ZDT may have been hampered by Bigelow’s comparatively recent Oscars triumph with The Hurt Locker, while Argo seems to have benefitted from the Ben Affleck Redemption Narrative, something he hasn’t shied away from. Argo also has a splendid double act from old troupers Alan Arkin and John Goodman, which will probably go down well with the large senior contingent of the Academy (and it’s a partially a Hollywood on Hollywood movie, which always goes down well in the industry). ZDT, on the other hand, has an attention-grabbing star in Jessica Chastain, a little bit of Tony Soprano in a wig and the now obligatory rag-bag of Aussies and Brits.
ZDT has definitely been hurt, to some degree unfairly, by the torture controversy.It’s also been damaged by the film-makers’ early claims of accuracy and authenticity. As the awards season has gone on, the ZDT team have talked more about the small number of characters standing for the many CIA agents, informants, prisoners and so on that involved in the real messy nine-year quest. But that all came too late, and clashes with the texture of the film, designed to give you the sense that you are really there in Pakistan or Afghanistan. It’s not aiming for Lawrence Of Arabia mythic or Three Kings satirical, more ripped from the headlines, and that makes you vulnerable when you stray (as the film often does) from the established facts*.

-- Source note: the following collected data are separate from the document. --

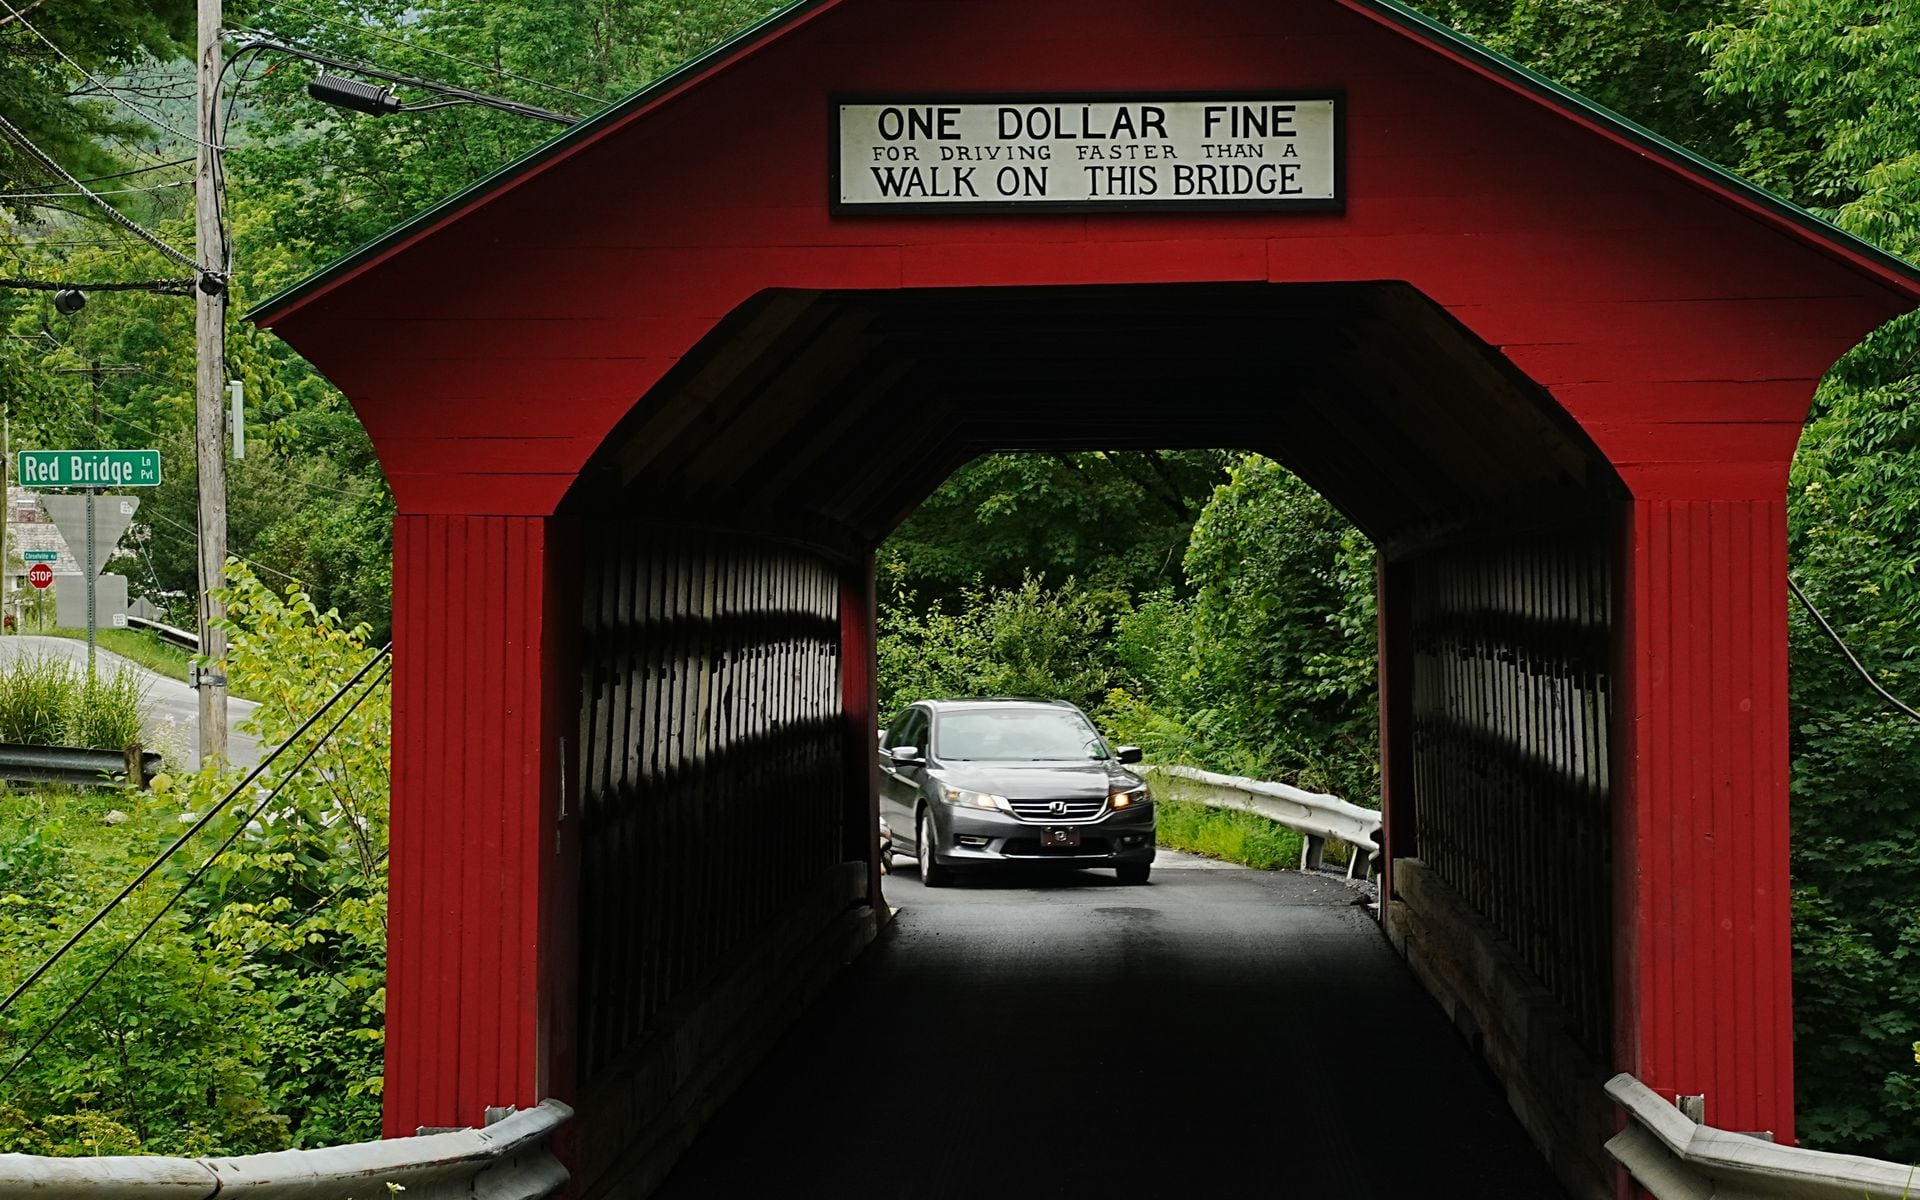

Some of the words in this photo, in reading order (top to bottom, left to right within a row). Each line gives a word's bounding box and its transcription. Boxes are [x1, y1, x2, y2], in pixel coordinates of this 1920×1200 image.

[878, 107, 961, 140] ONE
[998, 106, 1168, 140] DOLLAR
[1204, 105, 1297, 139] FINE
[872, 146, 920, 161] FOR
[939, 145, 1051, 161] DRIVING
[1075, 144, 1178, 160] FASTER
[1201, 143, 1264, 158] THAN
[1282, 143, 1298, 158] A
[870, 166, 979, 197] WALK
[996, 166, 1048, 197] ON
[1083, 165, 1158, 196] THIS
[1173, 163, 1303, 196] BRIDGE
[25, 456, 59, 481] Red
[71, 456, 132, 485] Bridge
[141, 456, 151, 467] Ln
[140, 469, 153, 480] Pvt
[30, 571, 52, 582] STOP
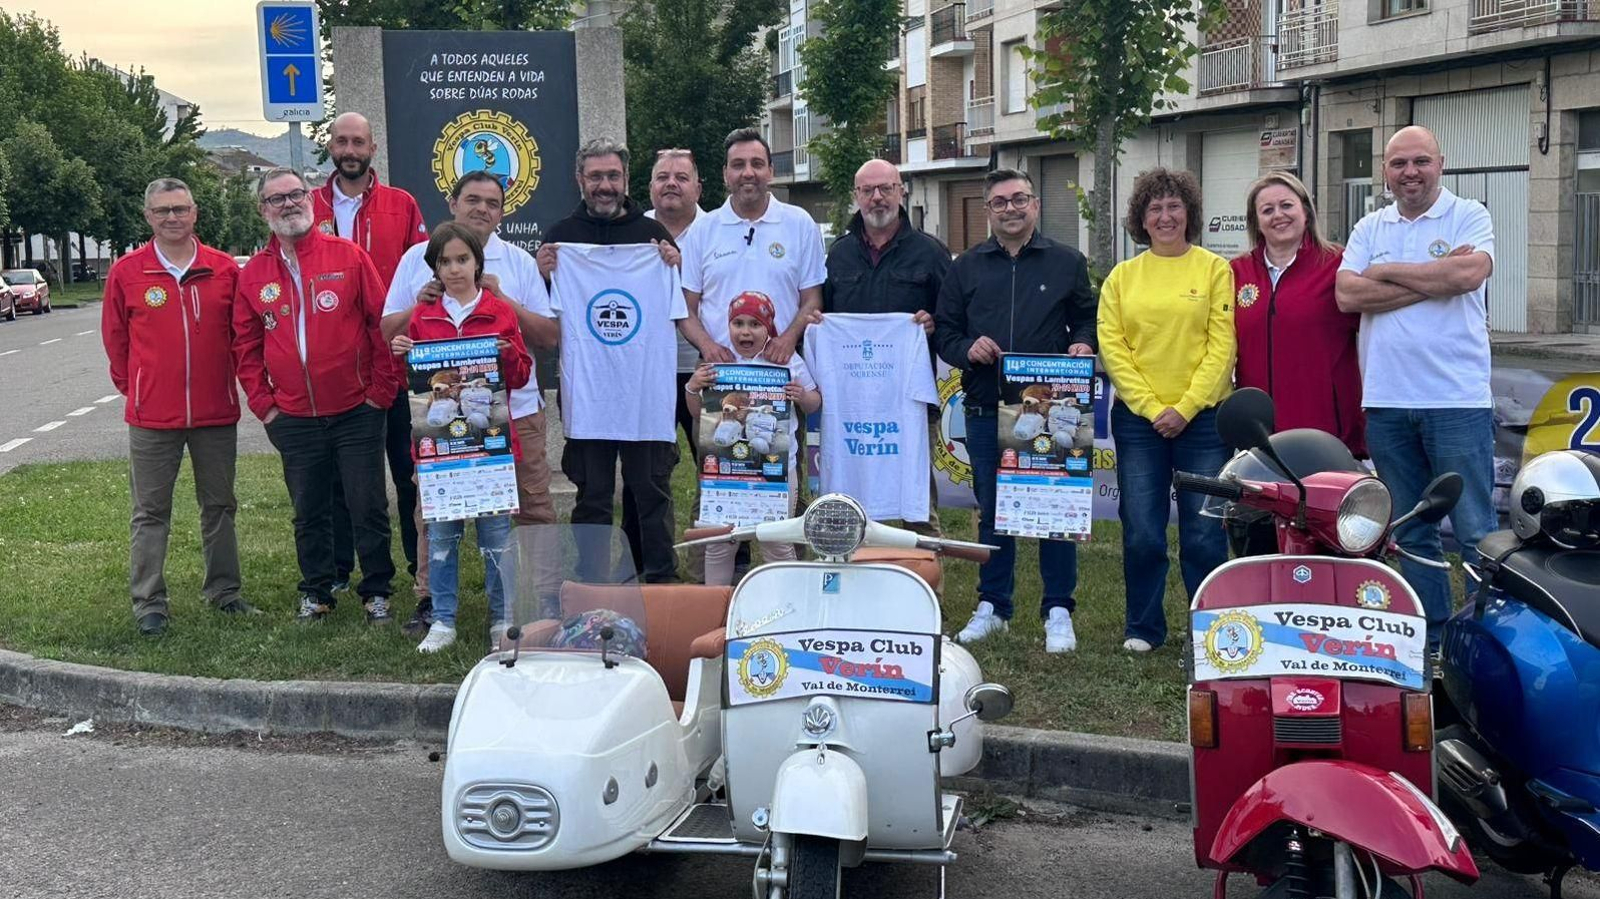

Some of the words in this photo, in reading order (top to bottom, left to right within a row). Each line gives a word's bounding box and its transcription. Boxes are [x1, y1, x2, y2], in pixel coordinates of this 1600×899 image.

[431, 54, 438, 66] A
[441, 54, 477, 65] TODOS
[481, 54, 529, 66] AQUELES
[420, 71, 443, 83] QUE
[448, 71, 504, 82] ENTENDEN
[508, 71, 515, 82] A
[520, 71, 545, 82] VIDA
[430, 88, 465, 99] SOBRE
[469, 86, 498, 99] DÚAS
[502, 88, 538, 99] RODAS
[276, 108, 310, 119] galicia
[447, 128, 471, 151] Vespa
[473, 122, 498, 130] Club
[506, 222, 542, 235] UNHA,
[430, 341, 496, 353] CONCENTRACIÓN
[432, 349, 494, 358] INTERNACIONAL
[412, 361, 441, 371] Vespas
[451, 357, 497, 367] Lambrettas
[1026, 360, 1090, 368] CONCENTRACIÓN
[725, 369, 786, 378] CONCENTRACIÓN
[1006, 375, 1034, 383] Vespas
[1044, 376, 1090, 384] Lambrettas
[843, 421, 899, 438] vespa
[844, 438, 898, 455] Verín
[949, 460, 960, 470] de
[1274, 612, 1352, 631] Vespa
[1358, 616, 1415, 638] Club
[798, 639, 864, 655] Vespa
[870, 639, 923, 656] Club
[1299, 633, 1397, 660] Verín
[819, 657, 905, 679] Verín
[1281, 660, 1306, 670] Val
[1311, 660, 1329, 671] de
[1333, 662, 1407, 681] Monterrei
[802, 681, 823, 690] Val
[829, 681, 843, 690] de
[846, 682, 916, 696] Monterrei
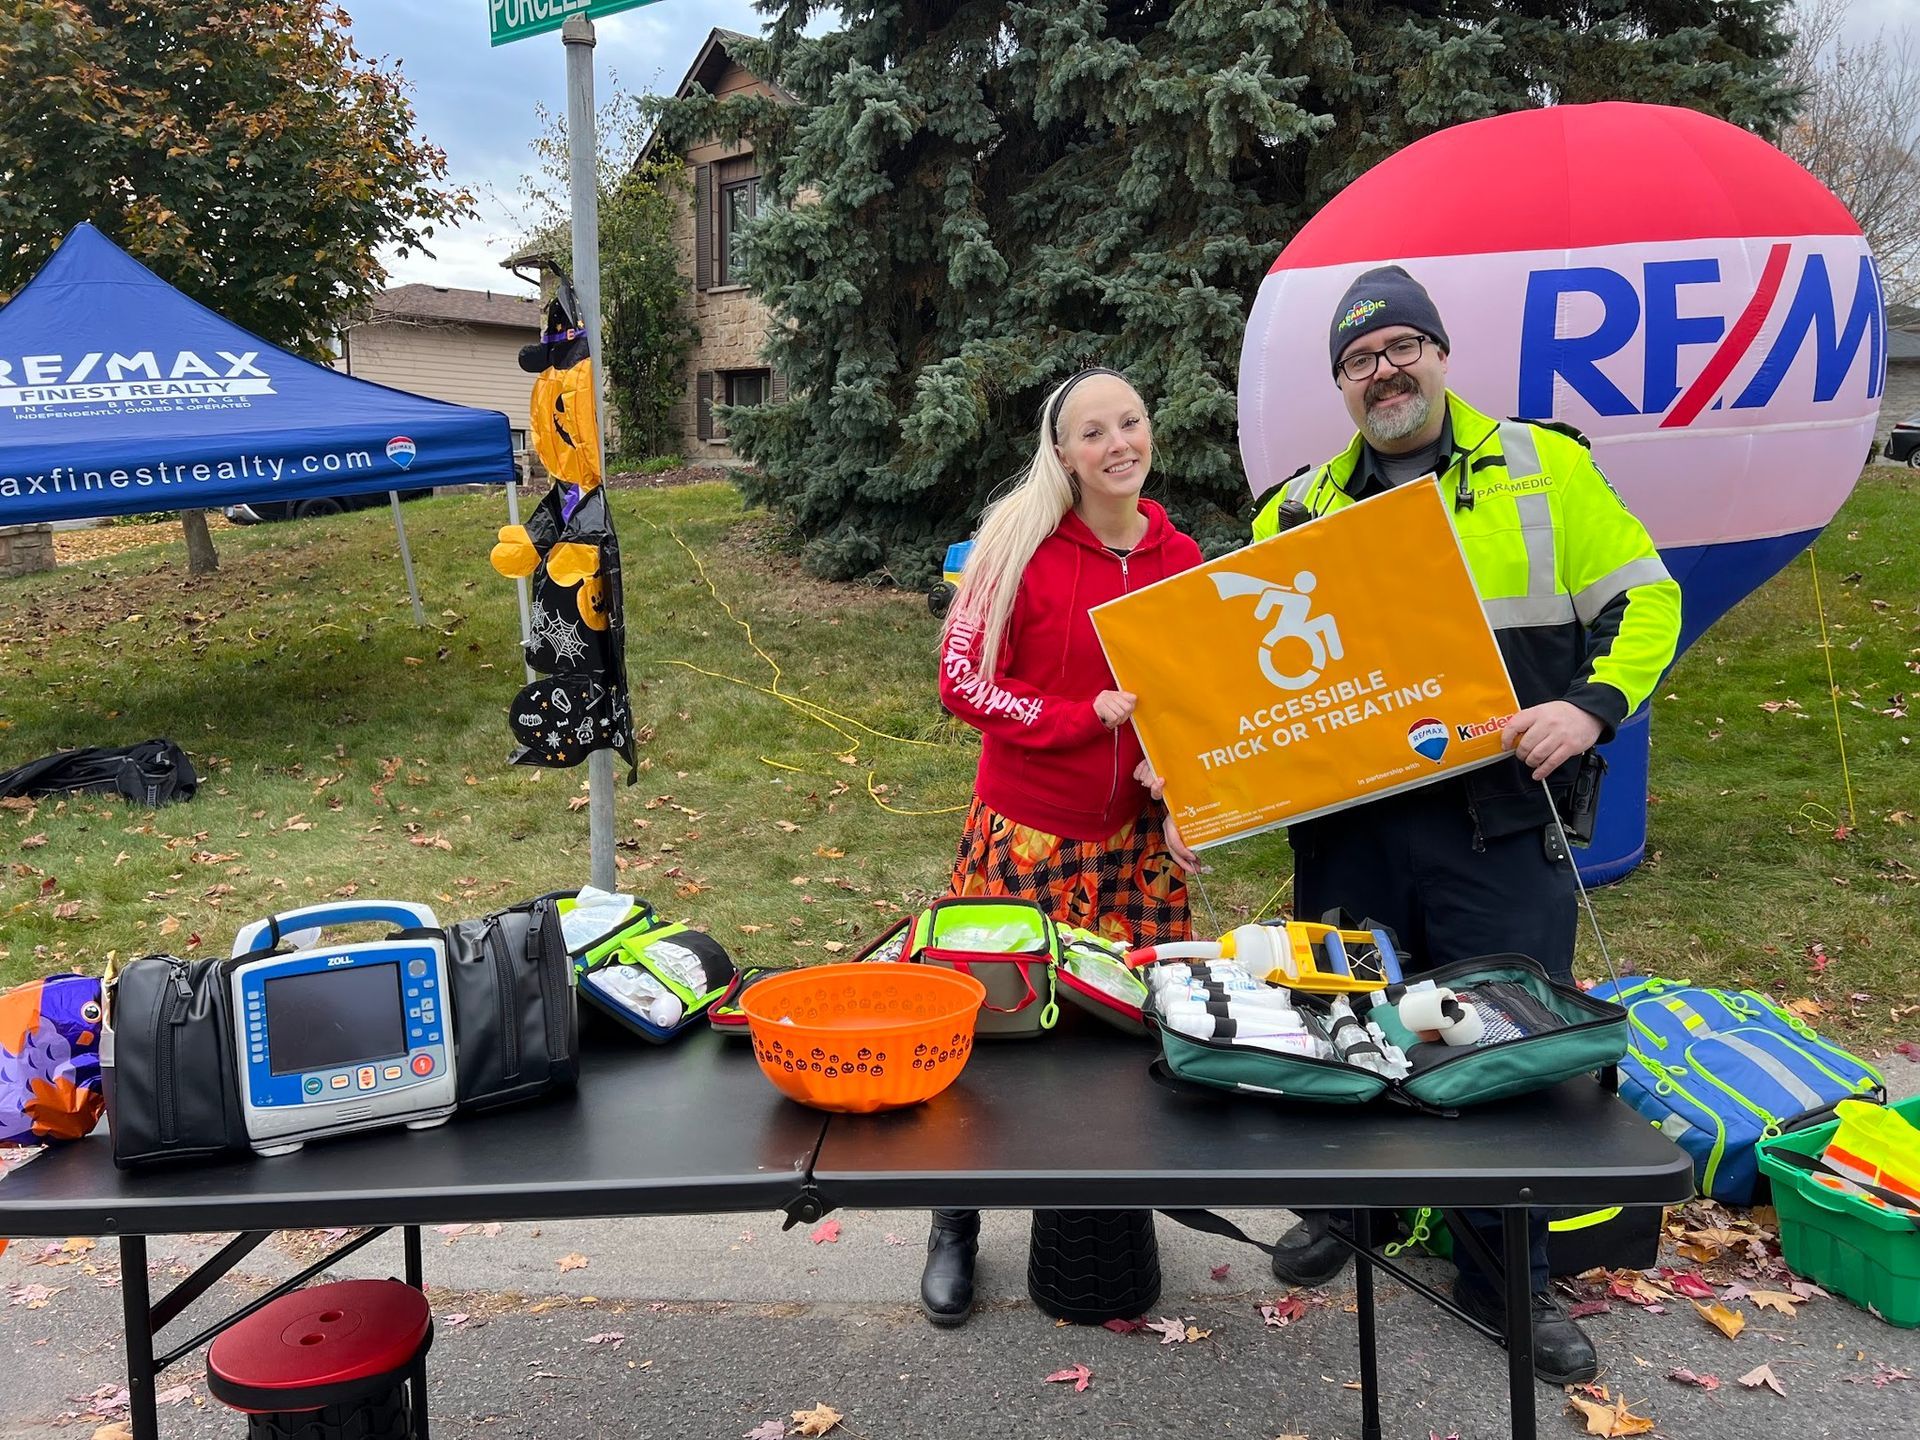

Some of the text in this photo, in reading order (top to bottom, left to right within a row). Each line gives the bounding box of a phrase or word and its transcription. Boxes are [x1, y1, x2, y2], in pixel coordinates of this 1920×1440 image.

[1338, 300, 1386, 332] PARAMEDIC
[1518, 243, 1888, 429] RE/M
[20, 382, 231, 401] FINEST REALTY
[12, 404, 67, 413] INC.
[108, 396, 250, 408] BROKERAGE
[15, 409, 123, 420] INDEPENDENTLY
[125, 405, 173, 414] OWNED
[187, 402, 251, 411] OPERATED
[1477, 477, 1553, 498] PARAMEDIC
[1239, 669, 1387, 735] ACCESSIBLE
[1413, 728, 1443, 742] RE/MAX
[1198, 735, 1268, 770] TRICK
[1272, 722, 1309, 747] OR
[1365, 767, 1404, 784] partnership
[1405, 762, 1420, 771] with
[327, 956, 352, 966] ZOLL

Then there is the Barack Obama dimension. The release of Zero Dark Thirty was reportedly delayed until after the election in case this account of the president’s highest-profile foreign affairs achievement gave him an unfair advantage. Ironically, when the film actually did emerge, it turned out that Obama’s by almost-all-accounts very hands-on involvement in the final stages of the search for Bin Laden is nowhere in sight. While you can see why Bigelow and writer Mark Boal may have wanted to avoid accusations of being party political, by choosing to deal with such recent events they put themselves in a difficult position. In the end, they have dodged bias only by leaving a massive hole in the climax of the story.
Argo has been attacked for its inaccuracies as well. The film libels the foreign services of New Zealand and the United Kingdom, although it does so in one line that I would be surprised if one in a hundred audience actually noticed. But although they are both stem broadly from things that really occurred, Argo and Zero Dark Thirty invite different standards by which they will be judged. Argo’s story seems so delightfully improbable that even if only a quarter of it happened that way, that would be insanely great. ZDT demands to be taken seriously, so that those scenes that jar (and there are a number), really jar and undermine the whole exercise.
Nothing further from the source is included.